This is a superb antique pair of English Victorian tulipwood and ormolu mounted vitrines, circa 1870 in date.
Adding to their truly unique character they are decorated with exquisite gilded ormolu mounts and further embellished by the brass galleries around the tops.
The interiors have been beautifully lined in grey velvet and each has two glass shelves, so they are ready to display your collectables.
One cannot overstate the truly unique opportunity to own such a delightful pair of cabinets.
With the original working locks and keys.
In excellent condition having been beautifully restored in our workshops, please see photos for confirmation.
Dimensions in cm:
Height 113 x Width 71 x Depth 37
Dimensions in inches:
Height 3 feet, 8 inches x Width 2 feet, 4 inches x Depth 1 foot, 3 inches
Brazilian tulipwood is a different species. A classic high-quality wood, it is very dense with a lovely figure. It is used for inlays in furniture and for small turned items. Available only in small sizes, it is rarely used in the solid for luxury furniture. Like other woods with a pronounced figure it is rather strongly subject to fashion.
Ormolu – (from French ‘or moulu’, signifying ground or pounded gold) is an 18th-century English term for applying finely ground, high-carat gold in a mercury amalgam to an object of bronze.The mercury is driven off in a kiln leaving behind a gold-coloured veneer known as ‘gilt bronze’.
The manufacture of true ormolu employs a process known as mercury-gilding or fire-gilding, in which a solution of nitrate of mercury is applied to a piece of copper, brass, or bronze, followed by the application of an amalgam of gold and mercury. The item was then exposed to extreme heat until the mercury burned off and the gold remained, adhered to the metal object.

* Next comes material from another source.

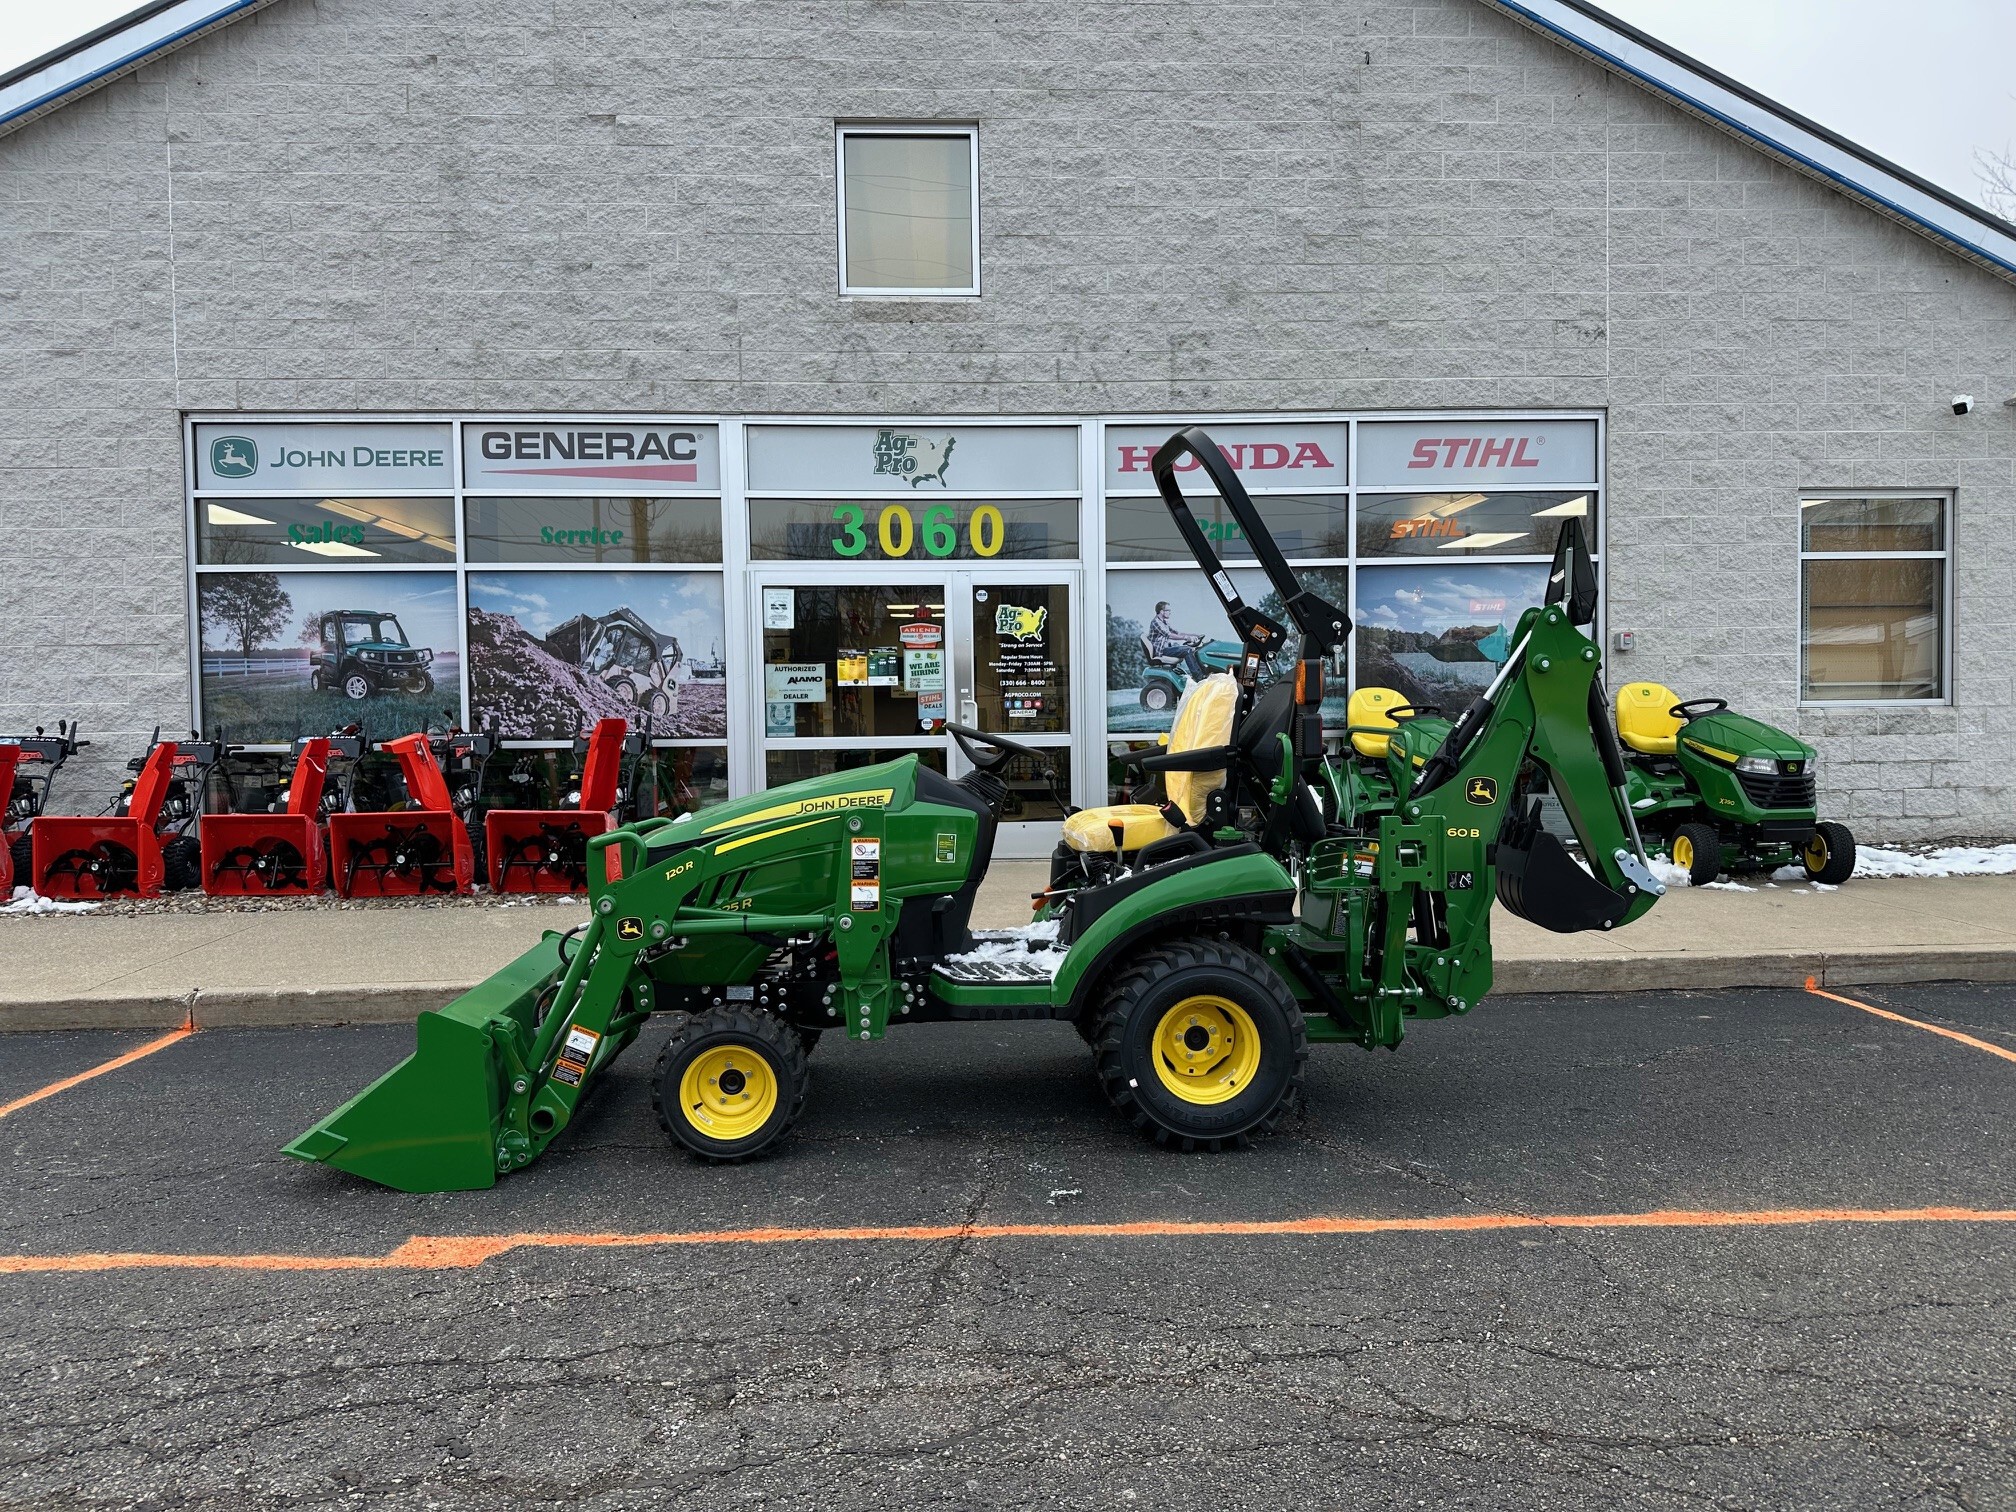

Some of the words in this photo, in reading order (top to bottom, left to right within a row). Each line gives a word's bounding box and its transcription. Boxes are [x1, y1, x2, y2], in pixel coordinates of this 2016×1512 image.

No true ormolu was produced in France after around 1830 because legislation had outlawed the use of mercury. Therefore, other techniques were used instead but nothing surpasses the original mercury-firing ormolu method for sheer beauty and richness of colour. Electroplating is the most common modern technique. Ormolu techniques are essentially the same as those used on silver, to produce silver-gilt (also known as vermeil).